*** Block opens ***

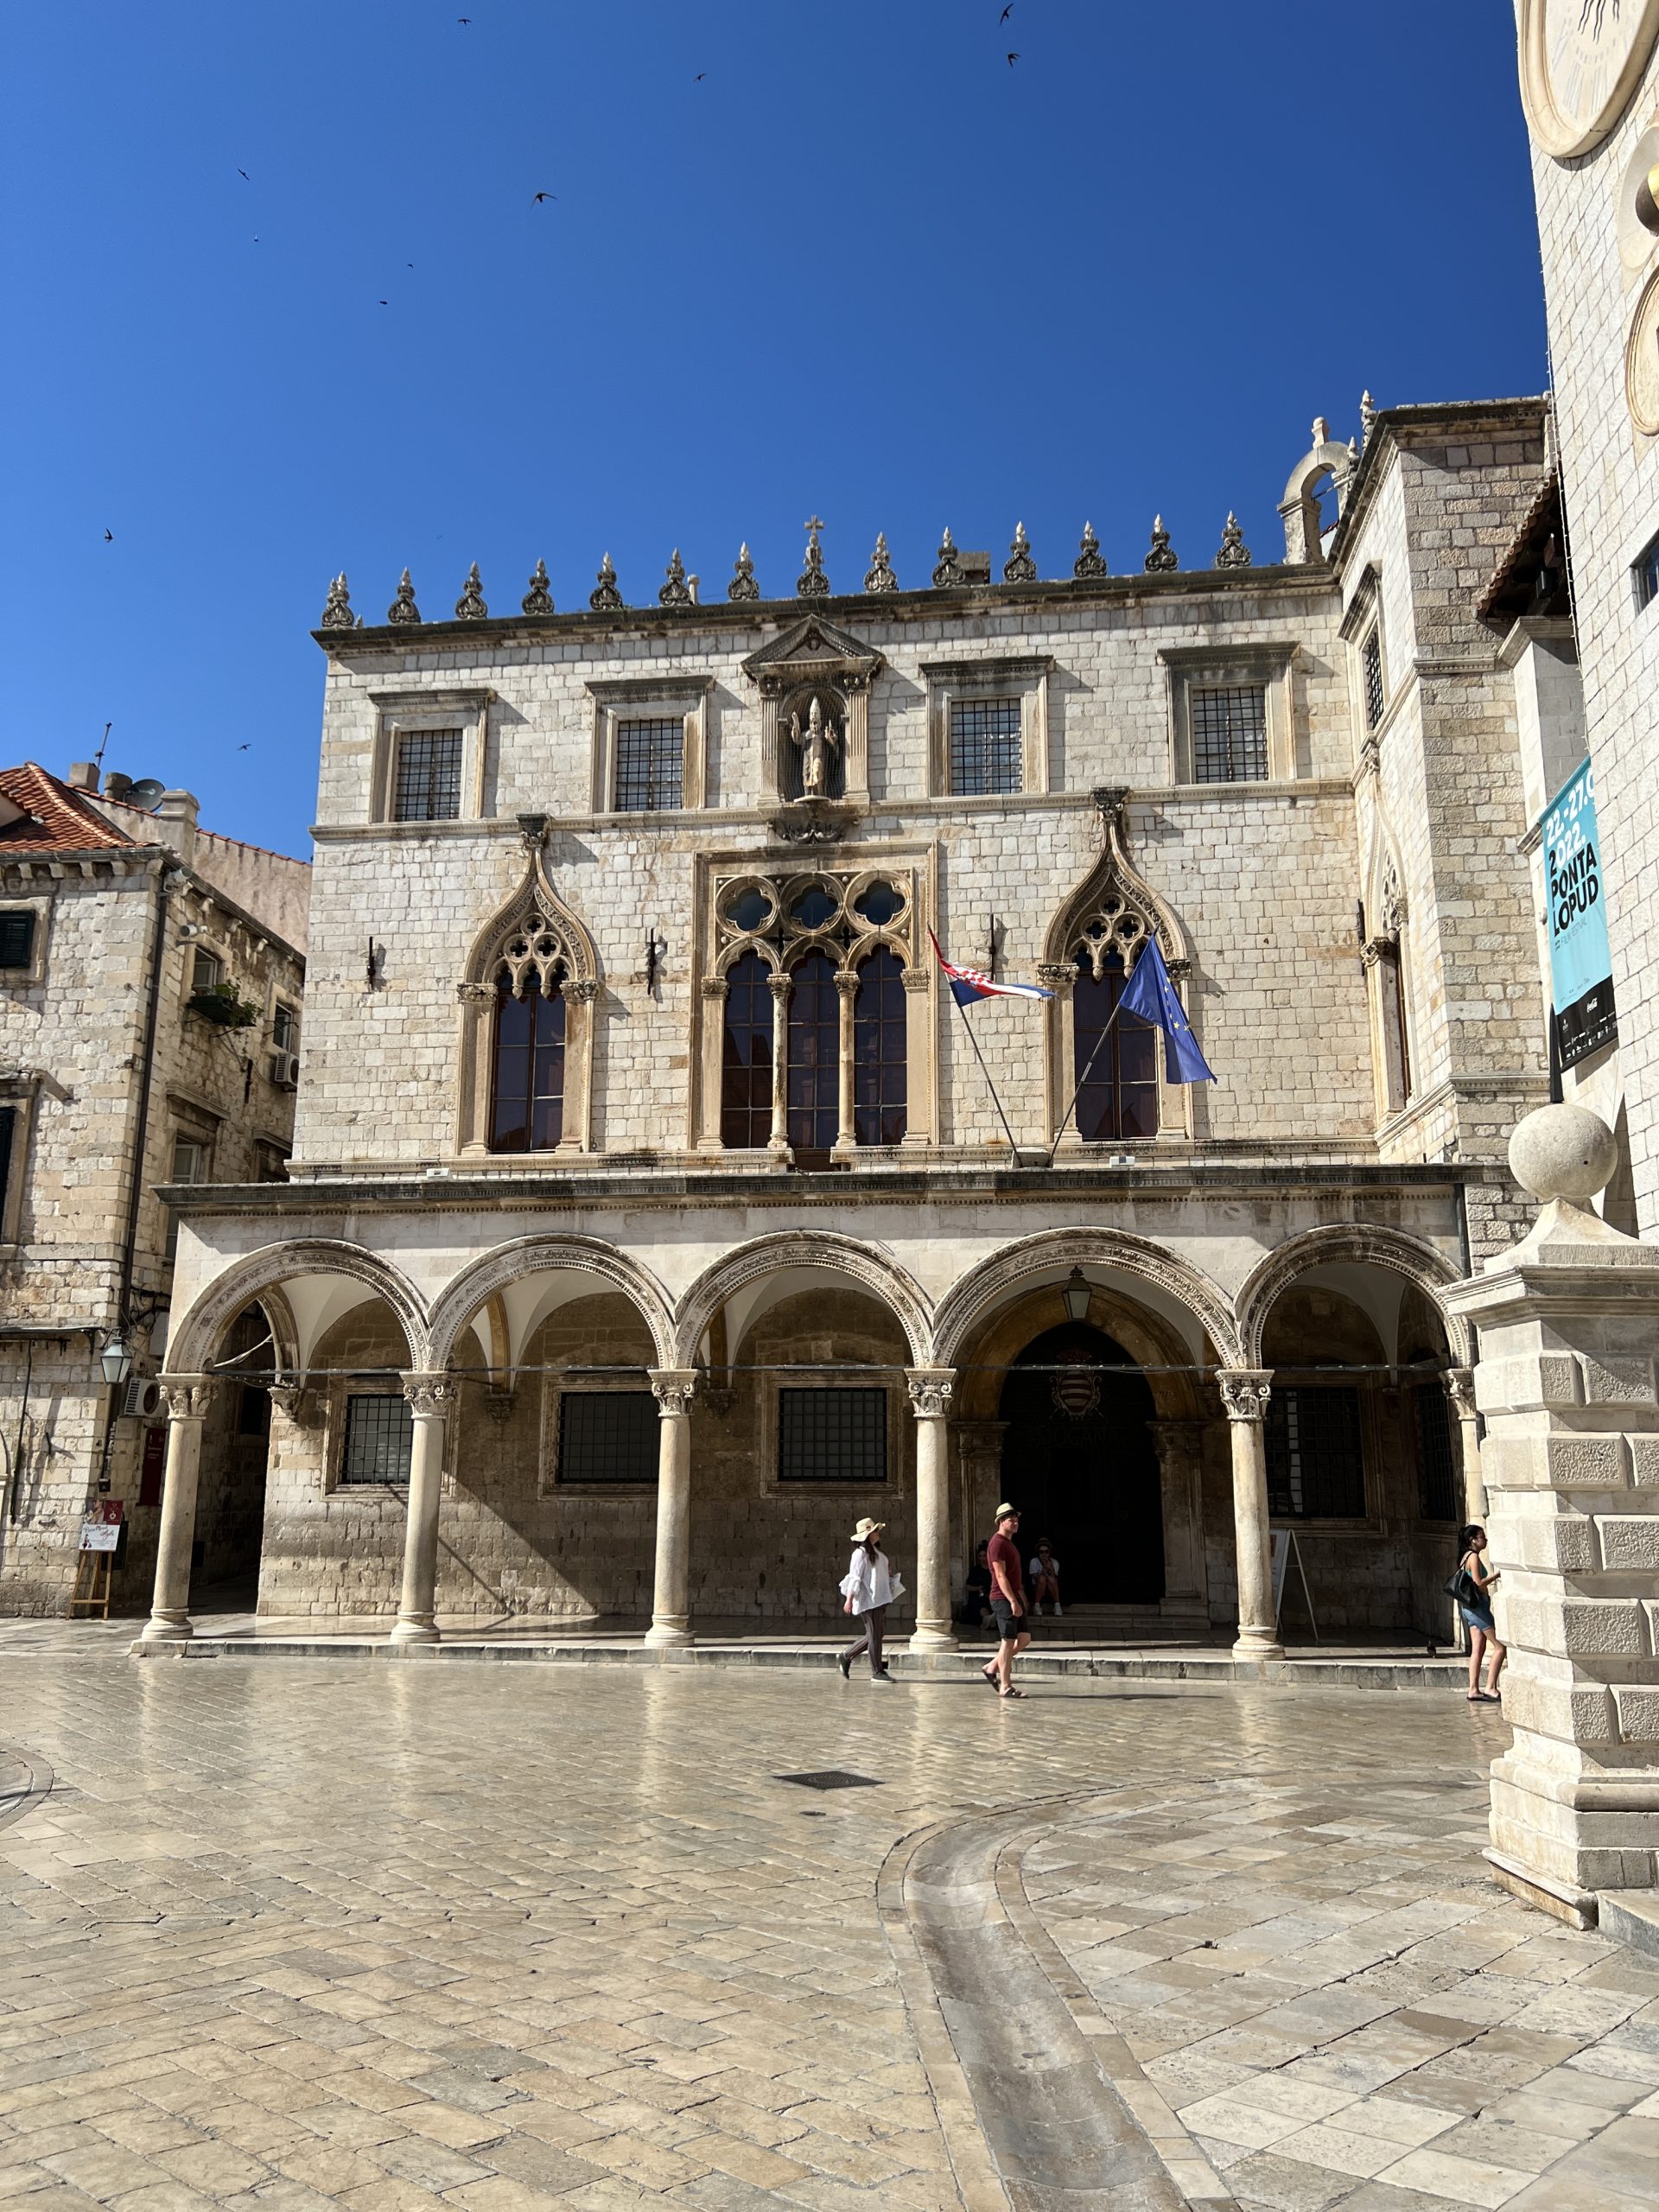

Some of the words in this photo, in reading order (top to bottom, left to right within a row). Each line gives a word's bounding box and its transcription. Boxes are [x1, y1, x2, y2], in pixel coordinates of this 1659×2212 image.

[1548, 821, 1586, 879] 2022.
[1551, 842, 1598, 909] PONTA
[1553, 874, 1599, 938] LOPUD
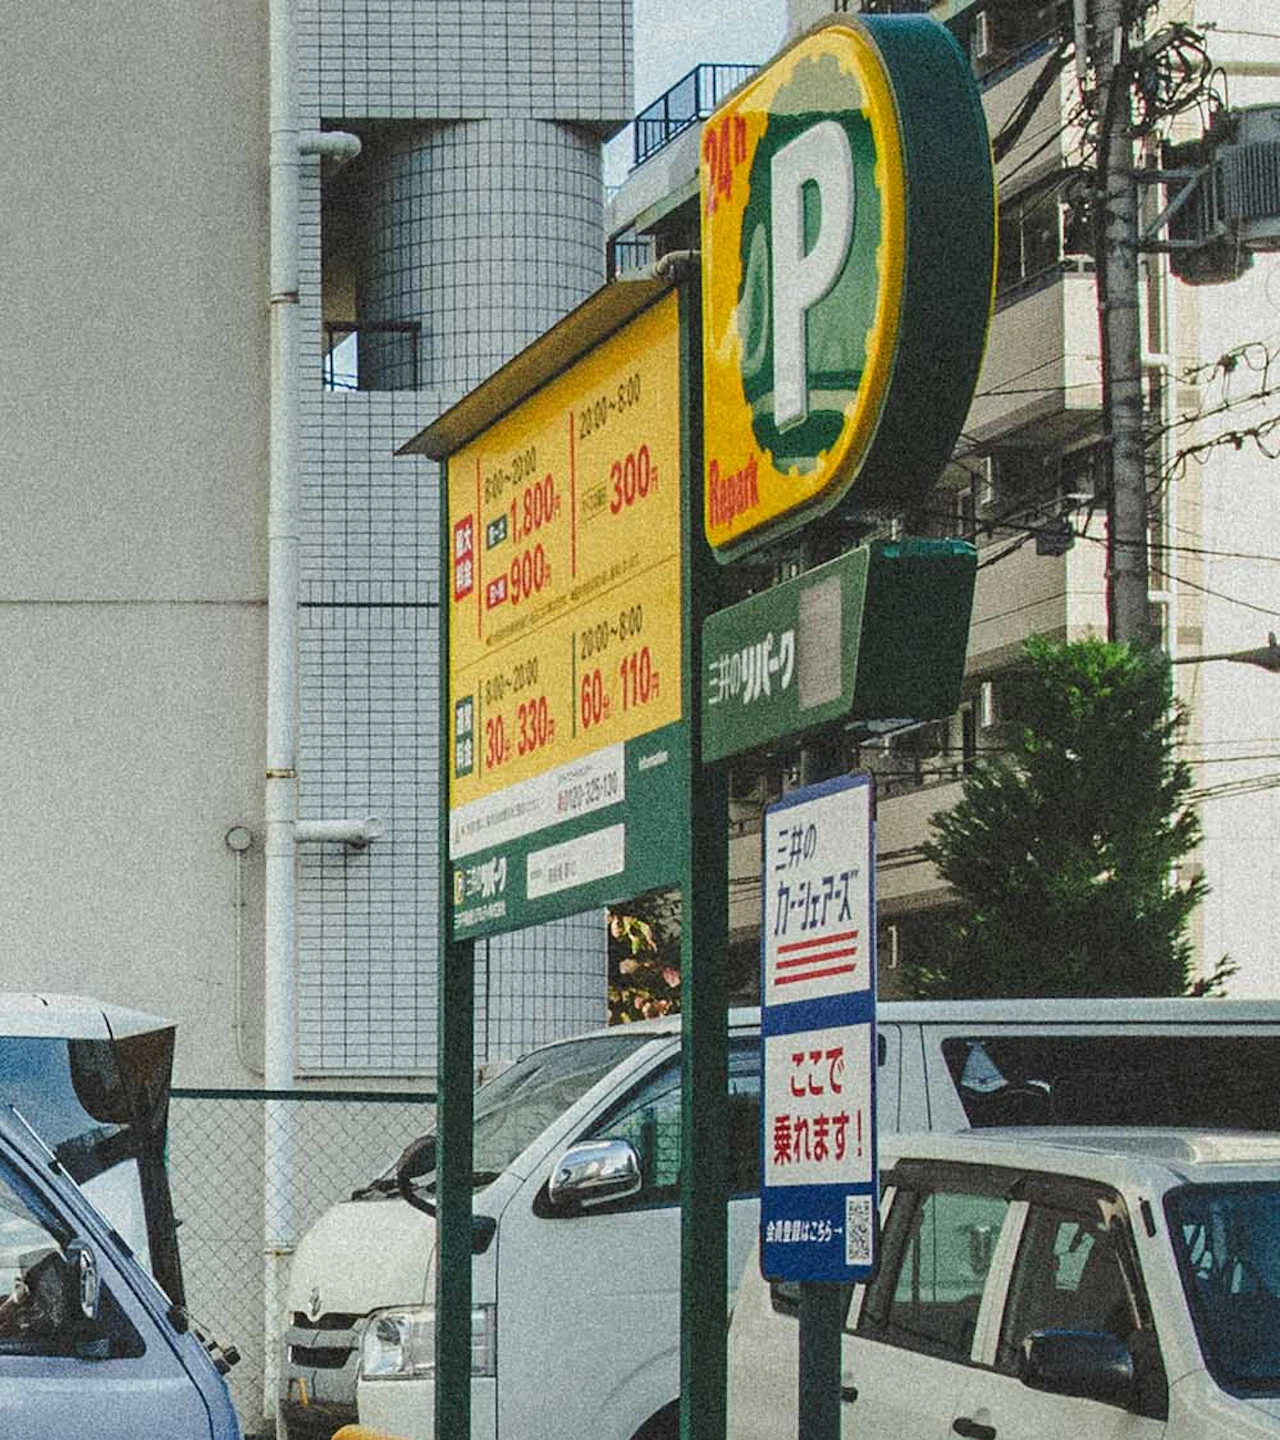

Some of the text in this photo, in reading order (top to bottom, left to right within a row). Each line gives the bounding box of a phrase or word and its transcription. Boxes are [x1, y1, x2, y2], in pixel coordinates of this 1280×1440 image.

[771, 119, 854, 435] P
[708, 629, 795, 705] 三井のリパーク
[775, 823, 817, 871] 三井の
[789, 1045, 845, 1097] ここで
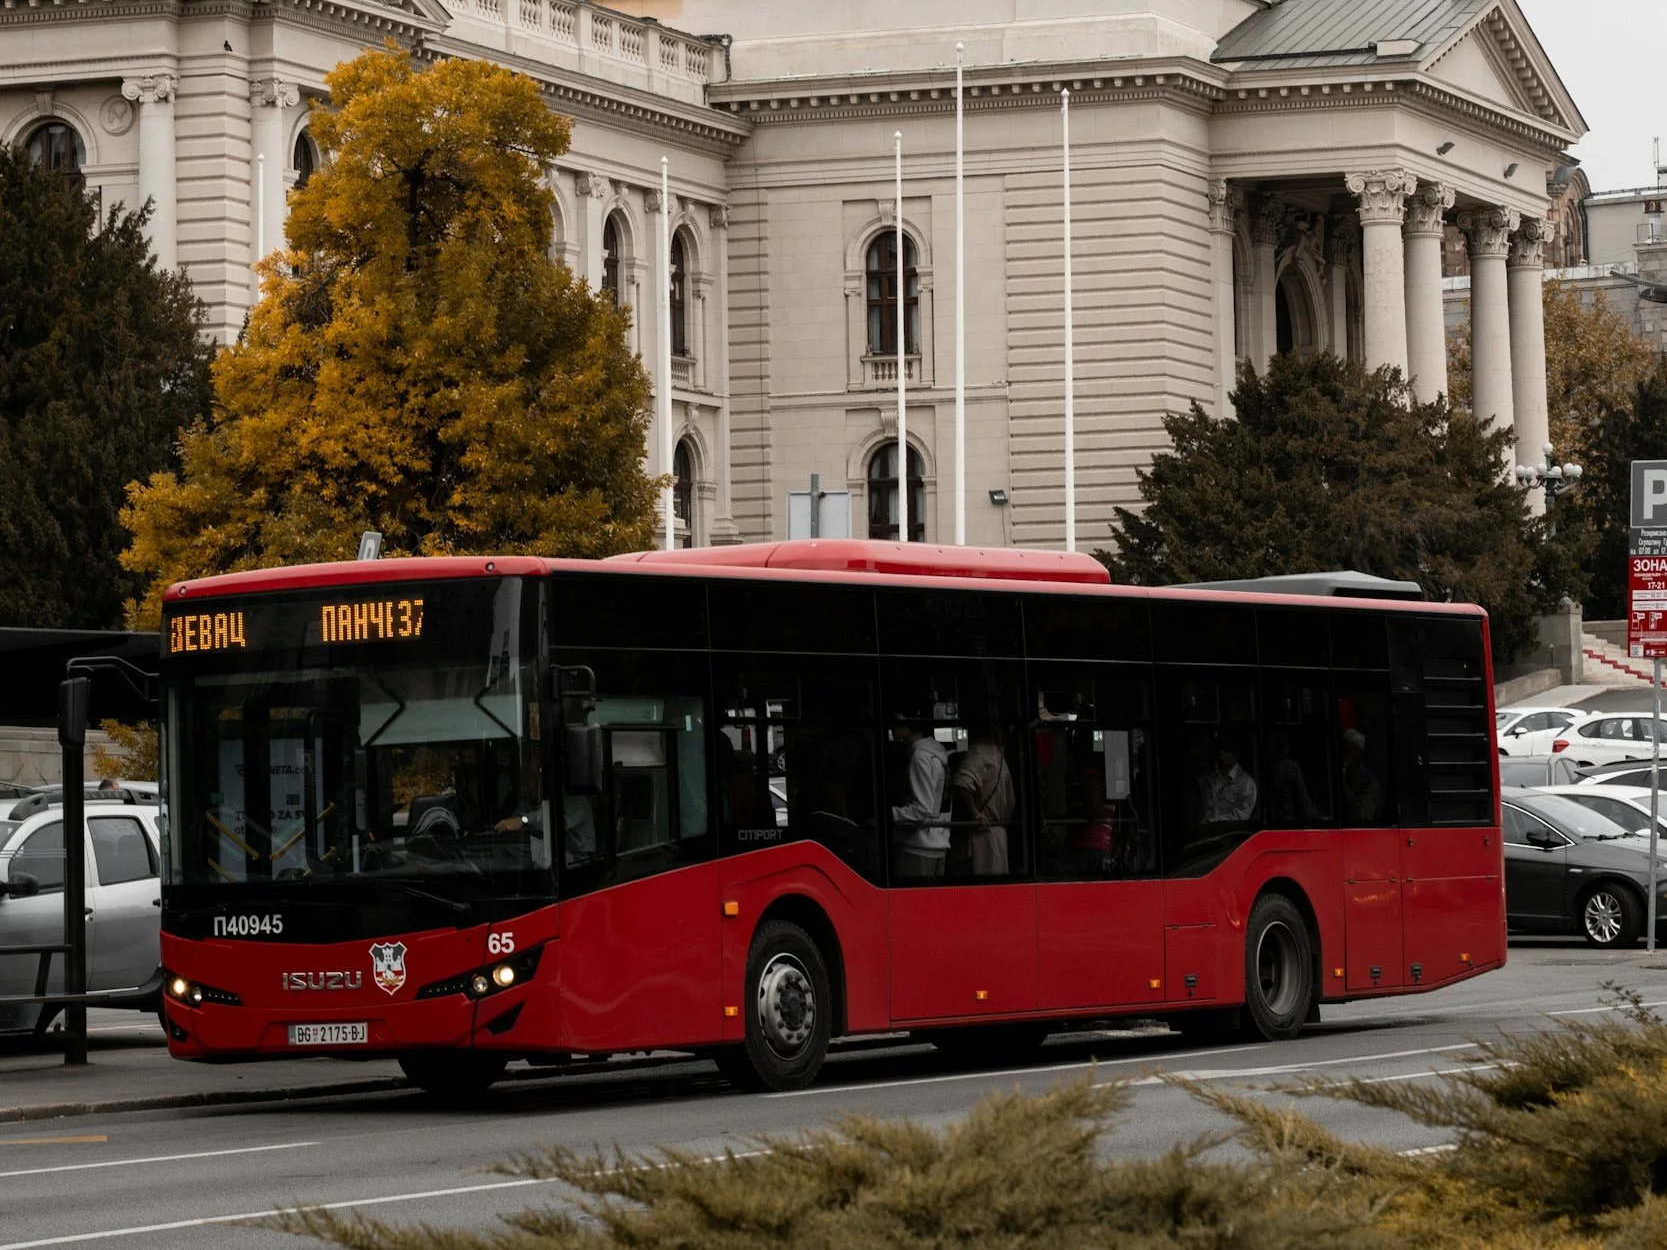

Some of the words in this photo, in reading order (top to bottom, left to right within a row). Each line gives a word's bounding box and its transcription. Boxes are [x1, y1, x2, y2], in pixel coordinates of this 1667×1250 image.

*** Block closes ***

EXERCISE REQUIREMENTS ->
Restate the entries verbatim and exclude any pictures.

OUTPUT FOR THIS TASK ->
Some of the words in this photo, in reading order (top to bottom, left to right within a row). Each line gives a word's bounding box and its transcription. Boxes are [x1, y1, x2, y2], in pixel coordinates of this 1659×2212 image.

[1548, 821, 1586, 879] 2022.
[1551, 842, 1598, 909] PONTA
[1553, 874, 1599, 938] LOPUD

Some of the text in this photo, in reading order (top to bottom, left to right within a row). Each line gives the bounding box of a phrase or word and its transcription. Boxes are [x1, y1, x2, y2], in pixel coordinates of this 1280×1440 image.

[771, 119, 854, 435] P
[708, 629, 795, 705] 三井のリパーク
[775, 823, 817, 871] 三井の
[789, 1045, 845, 1097] ここで

Some of the words in this photo, in reading order (top to bottom, left to right within a row). Each line gives a word's bounding box and its transcription. Boxes are [x1, y1, x2, y2], in pixel coordinates of this 1667×1250 image.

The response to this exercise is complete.